1. ## Reading in large arrays ...

I'm looking at the ITA problem "BitVector Genealogy" at

Current ITA Software Hiring Puzzles

It involves 10,000 vectors of 10,000 bits each. I'm not used to dealing with this much info. My plan is to read in all the vectors and then create an array of ints to store the distance between each vector. My current plan is to read the bits into an array of strings (or a 2d array of bits), and compare the two strings finding out which indicies have different values.

The question I have is this:

Is the best way to store these distances just to define an array (call it distAB)that's a 10000x10000 array of ints? obviously distAB(x,y)=distAB(y,x) and distAB(x,x)=0 so I can dynamically define this, but it still seems like a lot of memory, especially when I have that array being compiled from the array of 10000 vectors (which I can then get rid of). Is this the proper way to do things?

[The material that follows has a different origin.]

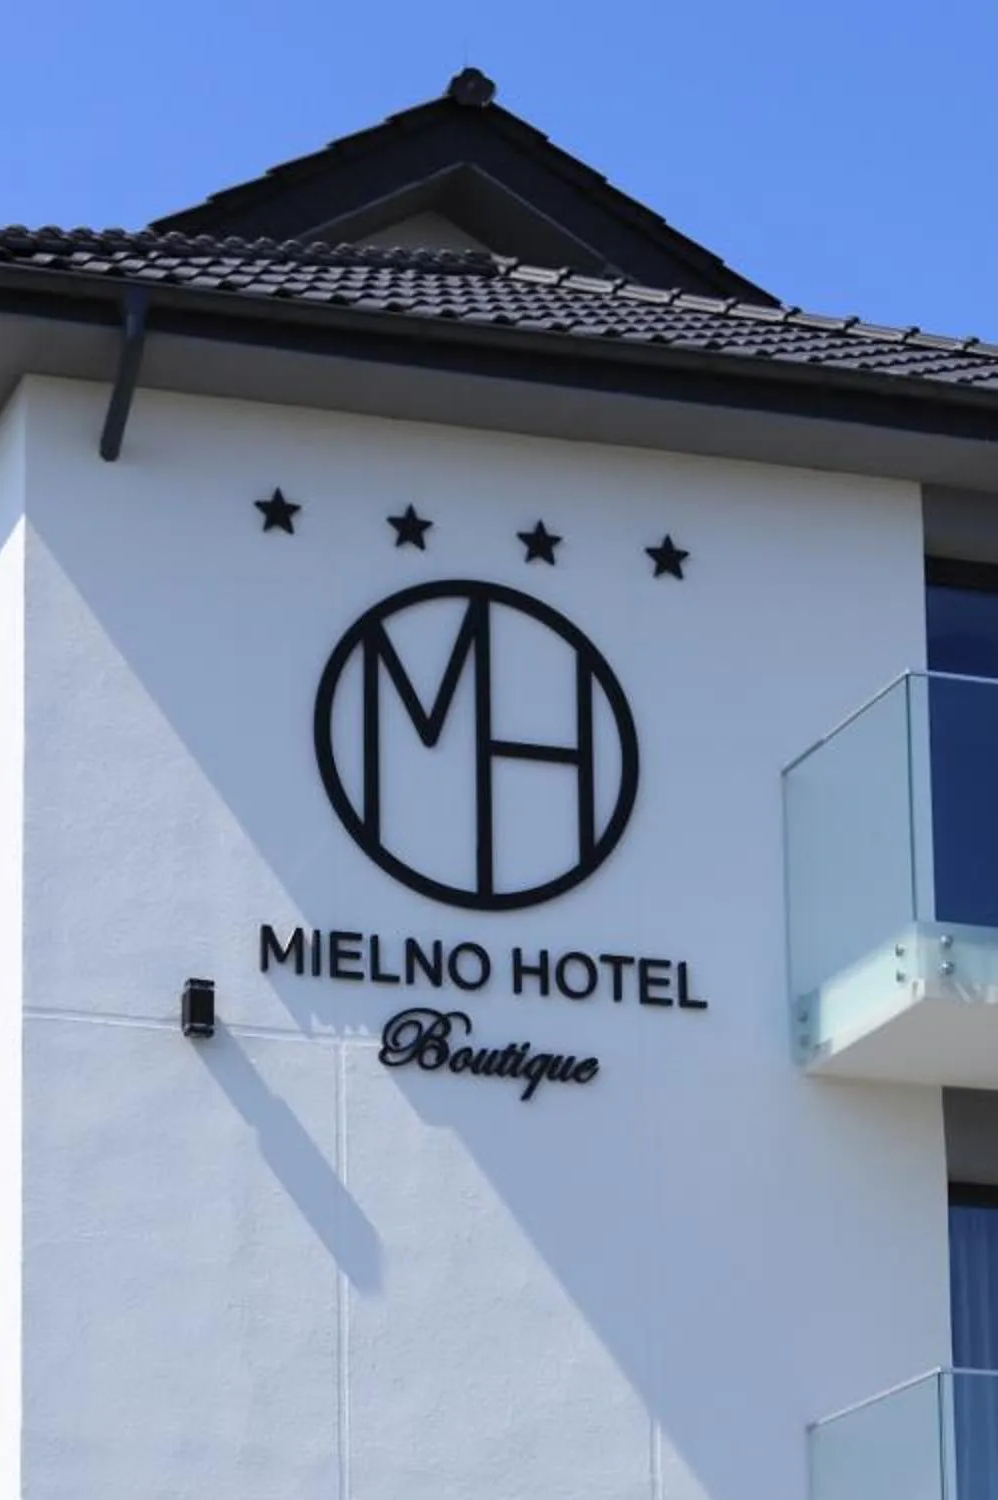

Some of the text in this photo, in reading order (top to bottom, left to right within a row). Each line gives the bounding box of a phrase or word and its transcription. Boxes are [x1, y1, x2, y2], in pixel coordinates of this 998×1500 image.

[360, 595, 597, 900] MH
[259, 924, 708, 1010] MIELNO HOTEL
[377, 1006, 600, 1102] Boutique

2. If it's a bit vector, you need 10000/8 bytes, not ints. Use unsigned char and set bits, 8 bits per char, 1250 bytes per individual. So the whole matrix will only be 12.5 mb, which is not so much. I just downloaded the data for that problem and notice it is a string of chars representing each bit (100mb of data). You could go that route too, but methinks real bits will be better.

You will still want to malloc() that on the heap rather than declaring it on the stack, I think.

3. Okay, so reading in is good with an array [1..10000][1..10000] of bits for 12.5 megs.

Determining the hamming distance between each of these vectors will require another array [1..10000][1..10000] of a number up to 10000 (we'll say int) for another 100 Megs. I guess that's not too much memory, I just didn't know if there was a better way to deal with (what I consider to be) large arrays of data.